What is required:
Your task is to give the listing below back word for word, pictures excluded.

★ ★ ★ ★

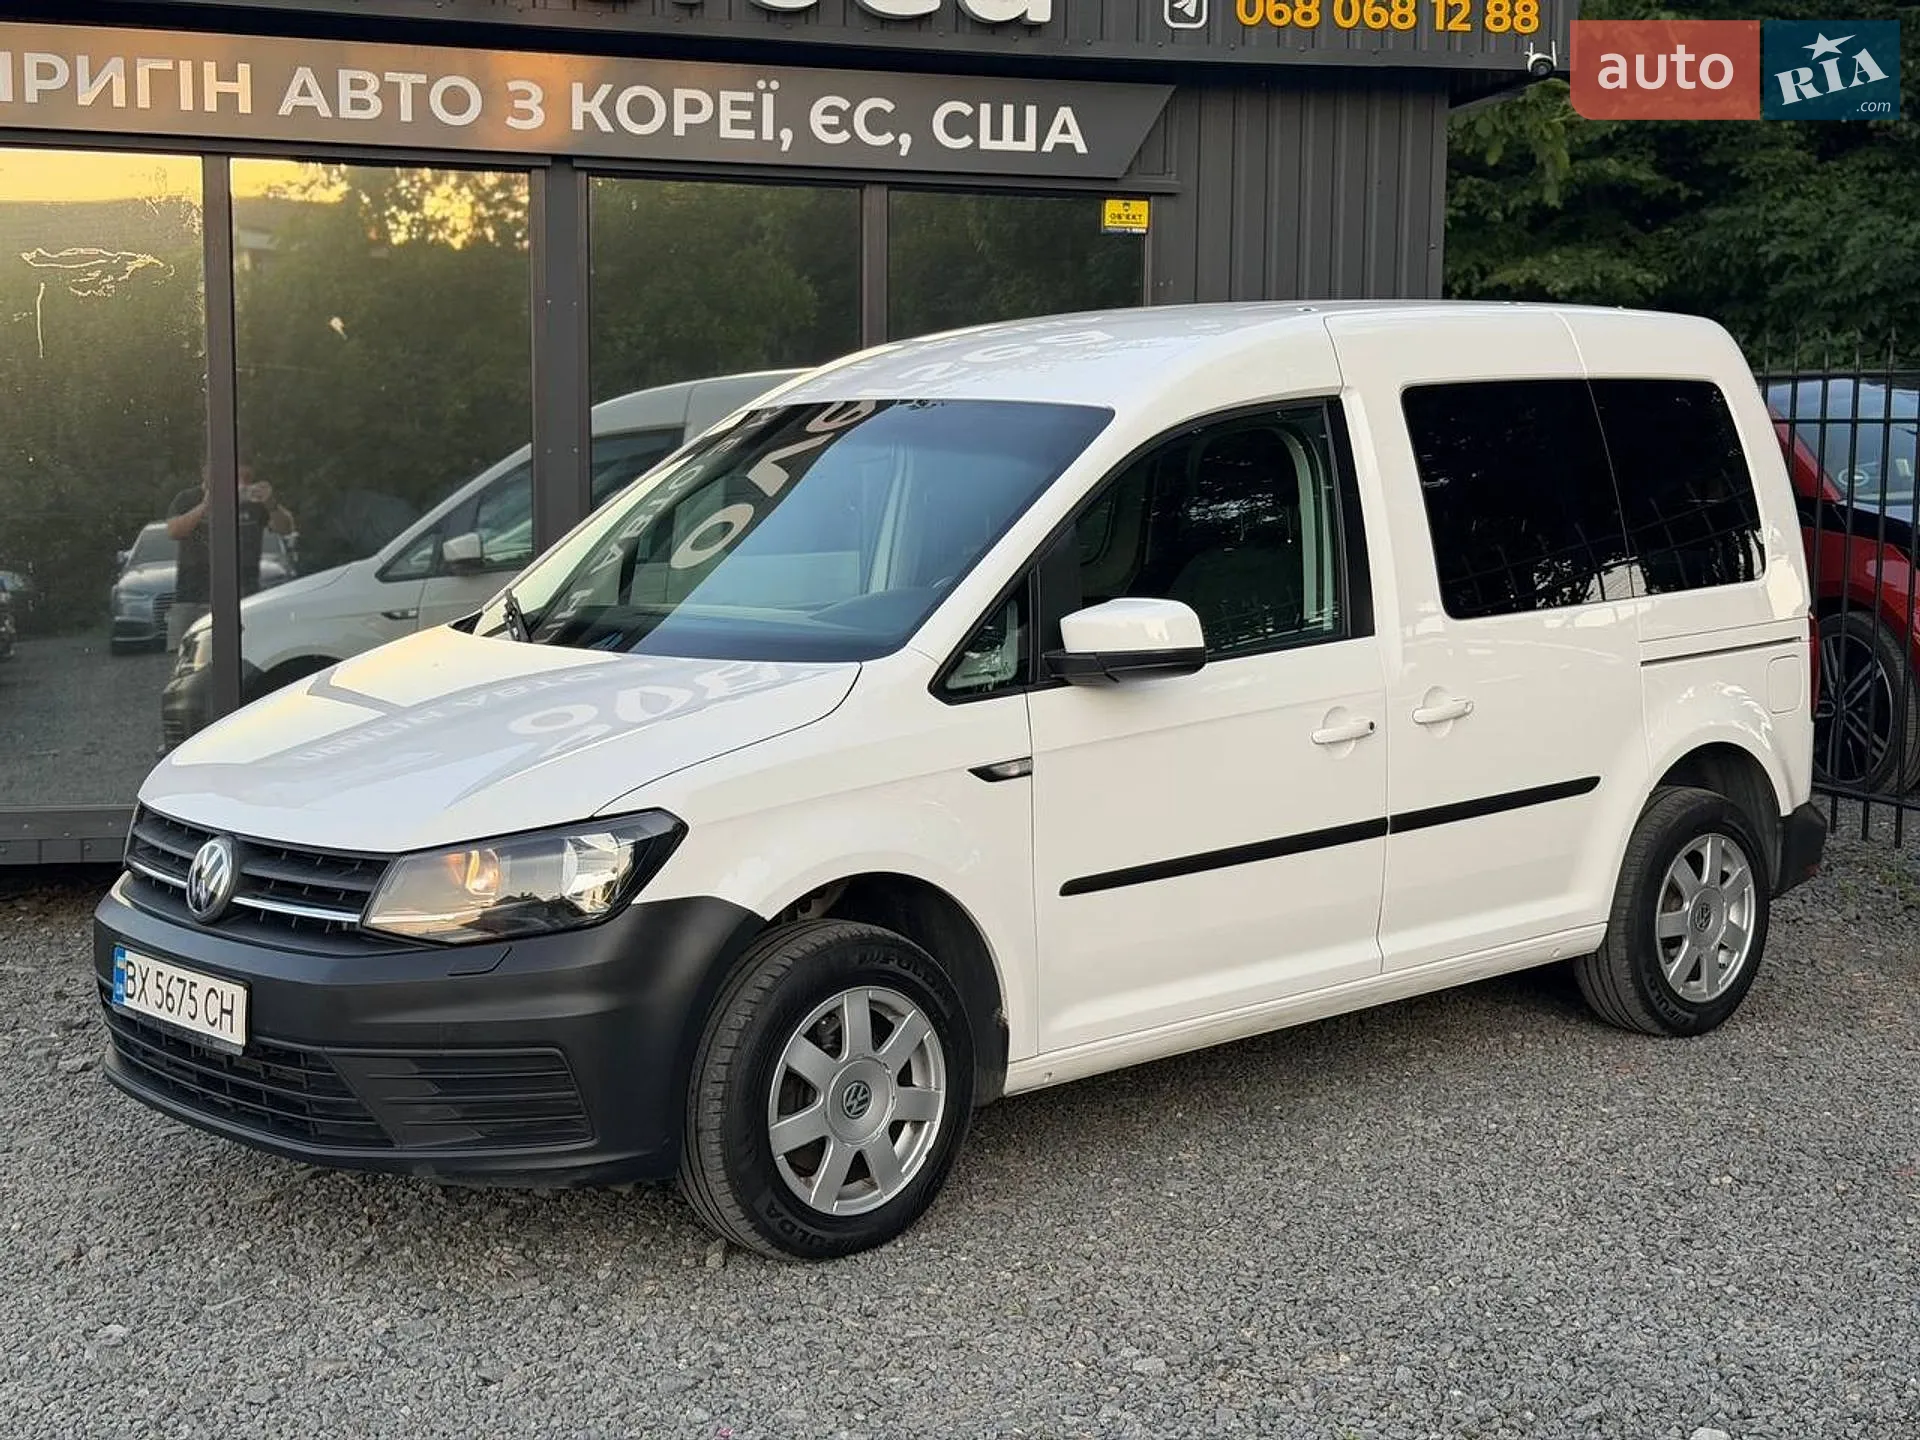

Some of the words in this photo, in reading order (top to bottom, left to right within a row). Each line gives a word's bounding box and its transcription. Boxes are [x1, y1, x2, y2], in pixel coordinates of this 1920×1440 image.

[1236, 0, 1320, 28] 068
[1333, 0, 1417, 30] 068
[1432, 0, 1471, 32] 12
[1485, 0, 1539, 33] 88
[0, 50, 252, 114] РИГІН
[278, 66, 483, 126] АВТО
[571, 79, 794, 152] КОРЕЇ,
[809, 95, 912, 157] ЄС,
[932, 100, 1089, 154] США
[125, 960, 150, 1006] BX
[154, 970, 198, 1021] 5675
[204, 987, 234, 1034] CH
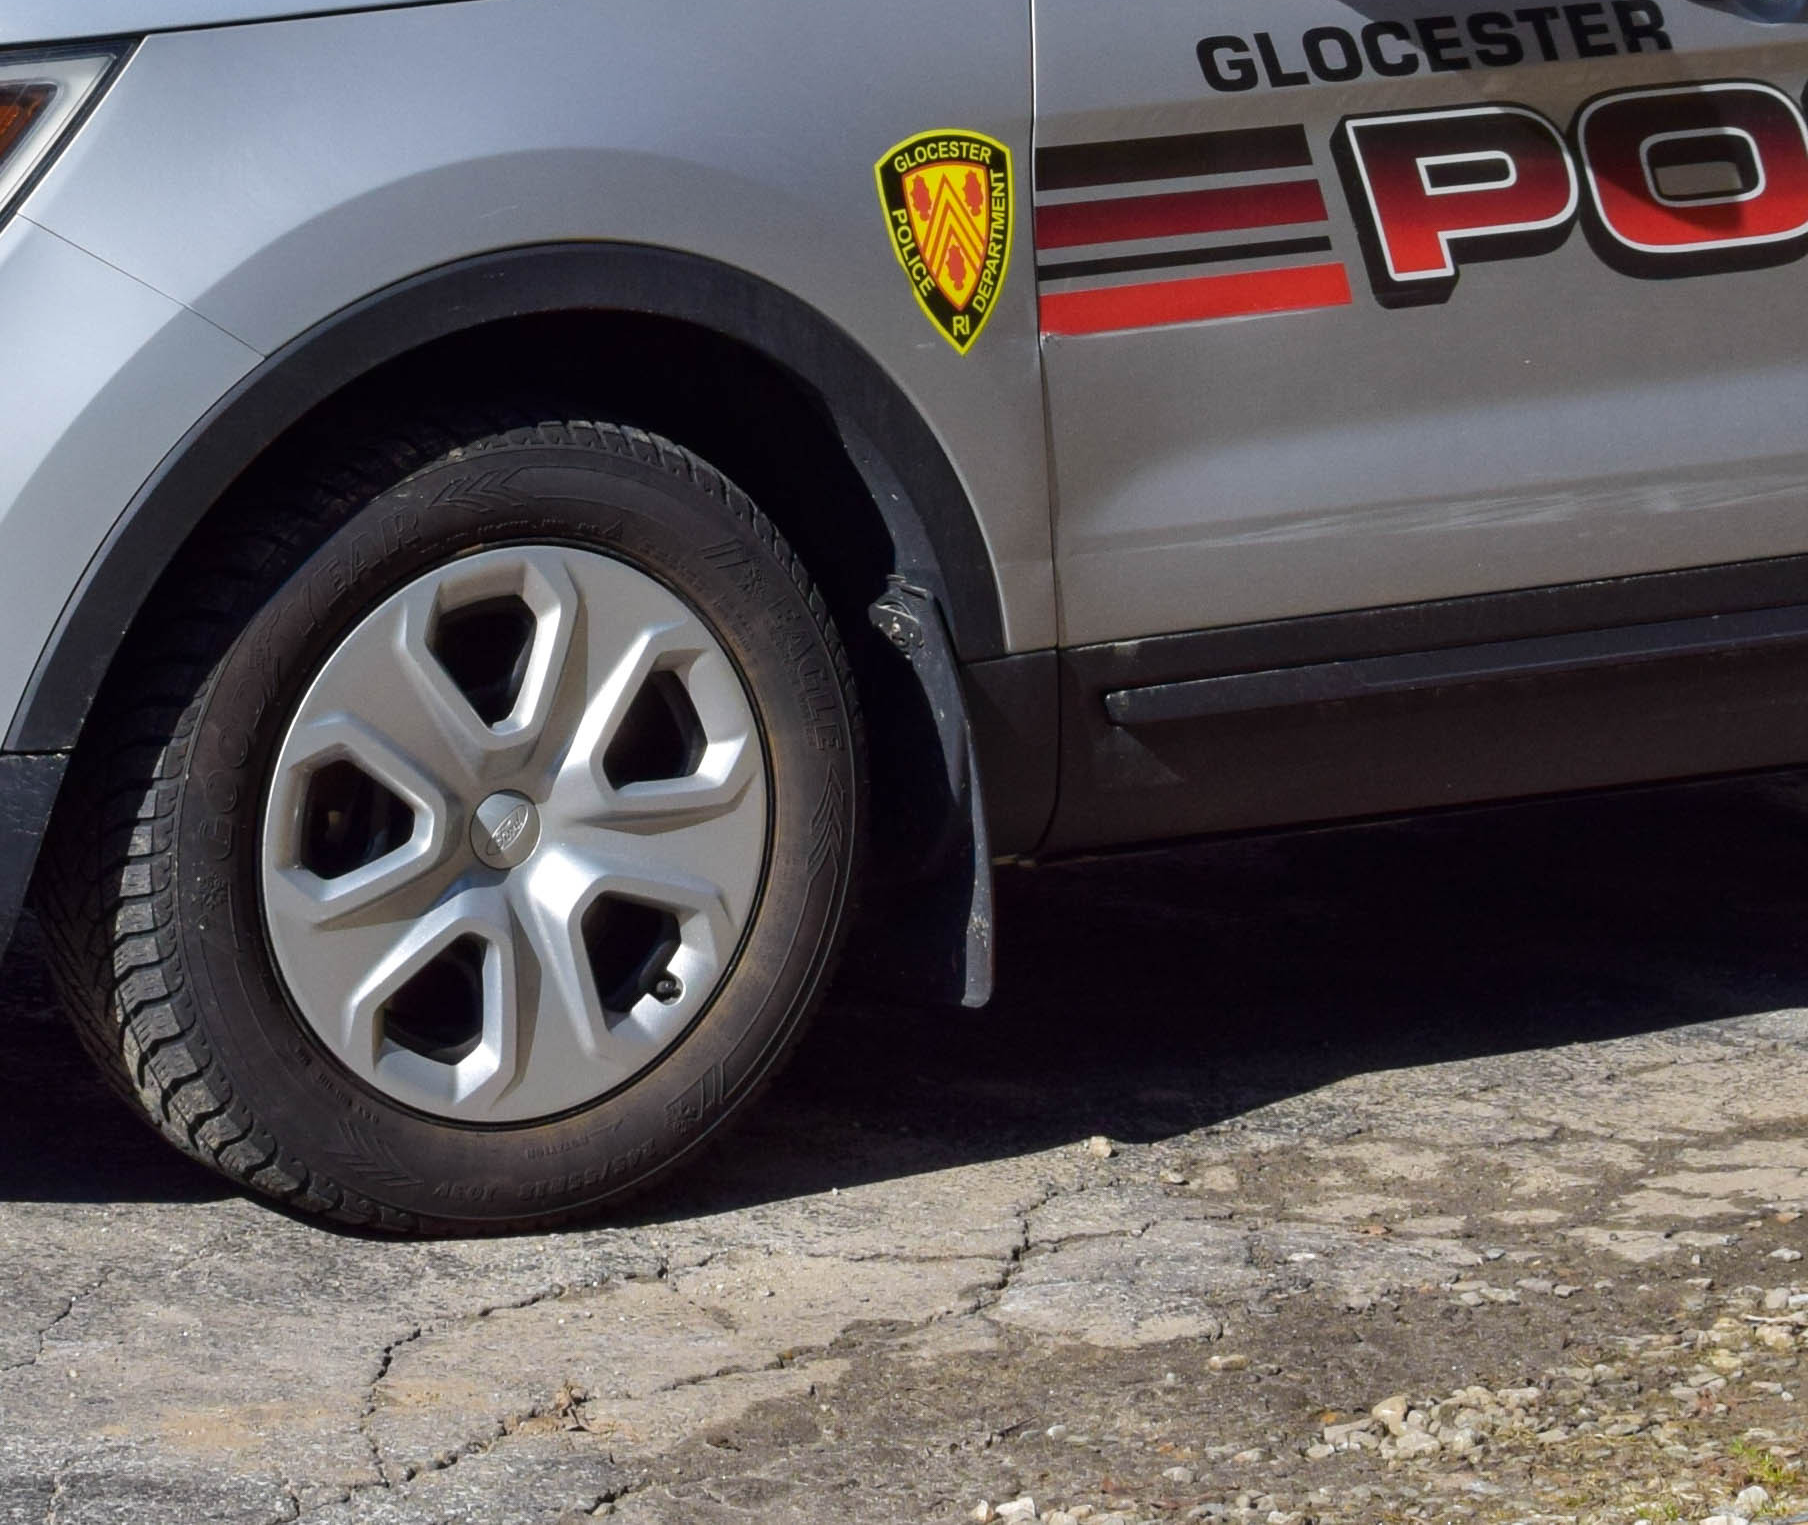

★ ★ ★ ★

Task answer:
Some of the words in this photo, in reading order (top to bottom, left to right within a row). Each line gives a word's bounding box and its transcription. Boxes are [x1, y1, x2, y2], in pixel coordinates of this 1920×1440 image.

[1236, 0, 1320, 28] 068
[1333, 0, 1417, 30] 068
[1432, 0, 1471, 32] 12
[1485, 0, 1539, 33] 88
[0, 50, 252, 114] РИГІН
[278, 66, 483, 126] АВТО
[571, 79, 794, 152] КОРЕЇ,
[809, 95, 912, 157] ЄС,
[932, 100, 1089, 154] США
[125, 960, 150, 1006] BX
[154, 970, 198, 1021] 5675
[204, 987, 234, 1034] CH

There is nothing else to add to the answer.